Winter Hill’s Sunnyside Hospital remembers

On March 2, 2005, in Uncategorized, by The News Staff

by Julia C. Reischel

A woman’s question of where she was born was answered by a number of readers after this paper published her e-mail inquiry Feb. 2 on the front page.

It is likely that Elaine Shelton, a West Palm Beach, Fla., resident who grew up here, was born November 1941 at the Sunnyside Hospital at 400 Broadway.

Shelton, who could not find her birth certificate after last fall’s devastating hurricanes caused water damage to her Florida house, turned to The Somerville News to figure out where she had been born.

Shelton spent her early childhood on Pearl St, and her mother, Anna May Hyland, still lives in Massachusetts. Hyland couldn’t remember the name of the little hospital where she had given birth to her daughter.

Hyland did recall that Shelton was born in “a hospital which was a large home on a corner” and that “it was NOT the Somerville Hospital.”

Information about the Sunnyside Hospital, which was a Winter Hill institution for the first part of the 20th century, matches Hyland’s memories of the hospital where Shelton was born.

Founded by Dr. Charles Dickerman in 1920, the Sunnyside Hospital was originally a home for “elderly persons and invalids.” According to a May 4, 1928 Somerville Journal article, Sunnyside Hospital was first located at 6 Main St. in Winter Hill.

Soon, Sunnyside became the neighborhood’s main medical facility.

“It soon outgrew its quarters,” the Journal said, “and in June 1925, the hospital was moved almost across the street to 400 Broadway, Winter Hill, where it is now located.”

This location is at the corner of Broadway and Central St. in Winter Hill, a location that matches Hyland’s memories of Shelton’s birthplace. 400 Broadway was built in 1920 and was quite spacious, with 24 rooms and eight full bathrooms.

When Sunnyside Hospital moved in, it became a model medical institution. According to the Somerville Journal, it had “first-class equipment, including oil burner, electric refrigeration, gas incinerators, latest laundry machinery, and model delivery and operating rooms.”

The move from Main St. to Broadway allowed the hospital to increase its bed capacity from 15 to 35. In 1928, Sunnyside was expanding rapidly. The Journal reported that it had just purchased the Baker estate at 187 Central Ave., which it planned to convert into a nurses’ home that would be equipped with reception rooms, a music room, and a library where nurses could relax while off duty. Dr. Dickerman’s wife, a Mrs. Minnie R. Dickerman, was the superintendent of the nurses.

Shelton’s inquiry in The Somerville News sparked many responses from Somerville natives who remembered the Sunnyside Hospital in Winter Hill.

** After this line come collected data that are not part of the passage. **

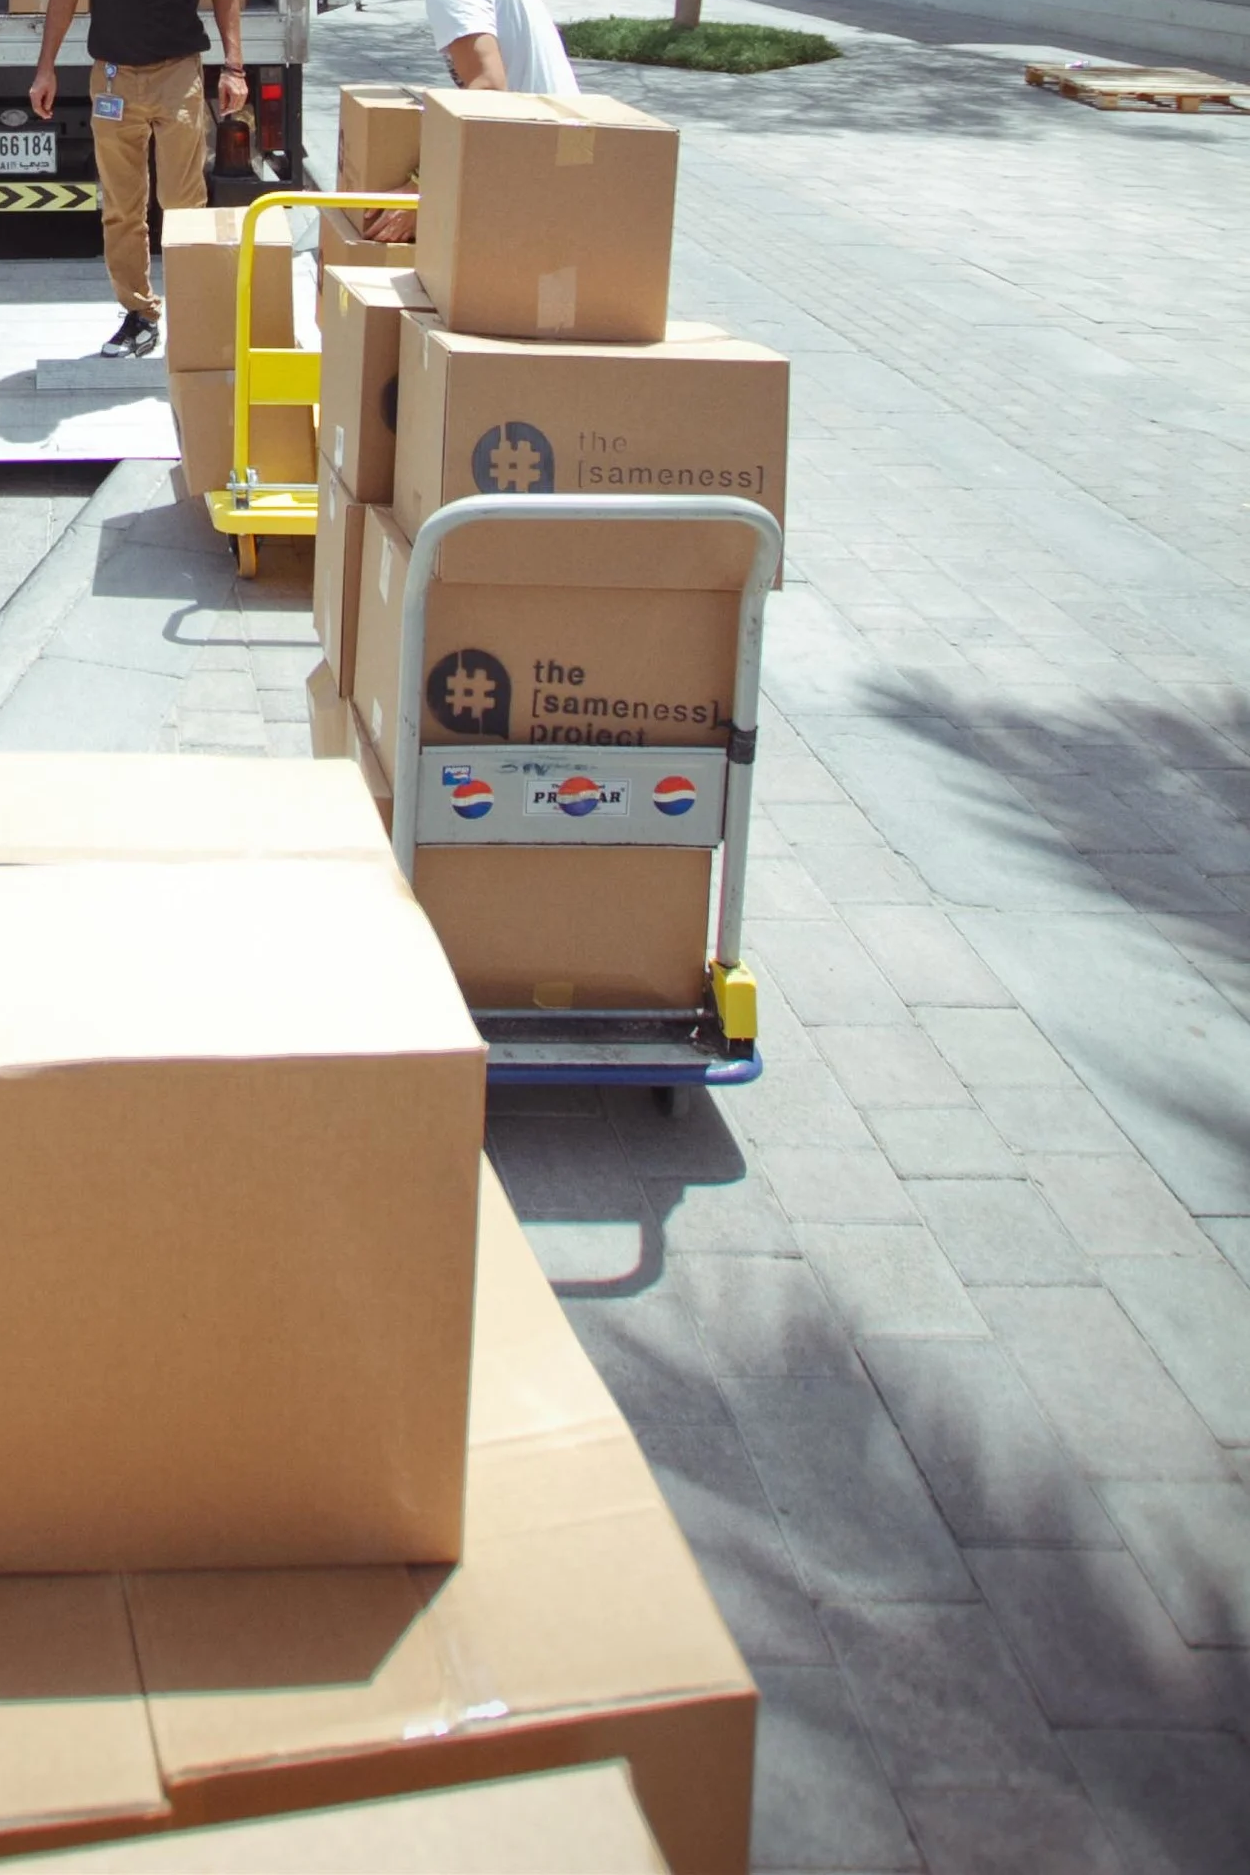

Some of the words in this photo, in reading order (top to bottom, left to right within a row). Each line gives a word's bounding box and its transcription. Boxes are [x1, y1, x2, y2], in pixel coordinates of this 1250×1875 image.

[0, 135, 53, 157] 66184
[578, 431, 628, 453] the
[577, 459, 765, 495] [sameness]
[533, 659, 586, 686] the
[530, 688, 721, 731] [sameness]
[532, 791, 621, 804] PRAR

“I had so many people email me,” said Shelton.

Louis R. Franklin, an 81-year-old real estate broker who grew up on Heath St., both emailed and called Shelton to tell her his memories of Sunnyside.

“A lot of people were born in that house,” Franklin said.

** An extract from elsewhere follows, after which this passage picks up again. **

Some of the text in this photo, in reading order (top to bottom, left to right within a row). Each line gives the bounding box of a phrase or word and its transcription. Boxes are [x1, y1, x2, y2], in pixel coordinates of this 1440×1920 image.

Franklin said that he was delivered on July 22, 1923 by Dr. Dickerman, whose name he remembered as Downey. Franklin was born at 132 Heath St. and lived there until 1933. He remembers the area as a working-class neighborhood.

“The only time a doctor saw you was when you were born,” said Franklin, who remembered the Sunnyside hospital but never was treated there. “It was an apartment house, just 4-8 units, a small neighborhood thing."

Gilbert Ribeiro, the Constable of the City of Somerville, remembered the Sunnyside hospital from when he had his appendix out there in 1945. “It was a big gray three-decker,” Ribeiro said. “It’s still the same color. It was a hard place to find—it didn’t even have a sign.”

Ribeiro said that Dr. Dickerman came to his house on a Sunday when he was nine years old to investigate his high fever. The doctor diagnosed appendicitis, he said.

“They drove me right up there and operated on me that Sunday,” said Gilbert. Though Shelton did not know the name of Sunnyside, she did know some of the details about her birth. She said the delivery cost about $95, and that her father was short five dollars when it came time to pay the bill.

“Dr. Dickerman said, ‘This is my baby until I get that $5,’” said Shelton. “My mother wasn’t too happy about that.”

Today, 400 Broadway remains standing as an apartment building of 4 to 8 units. It was recently sold in October of 2004 and is now undergoing renovations.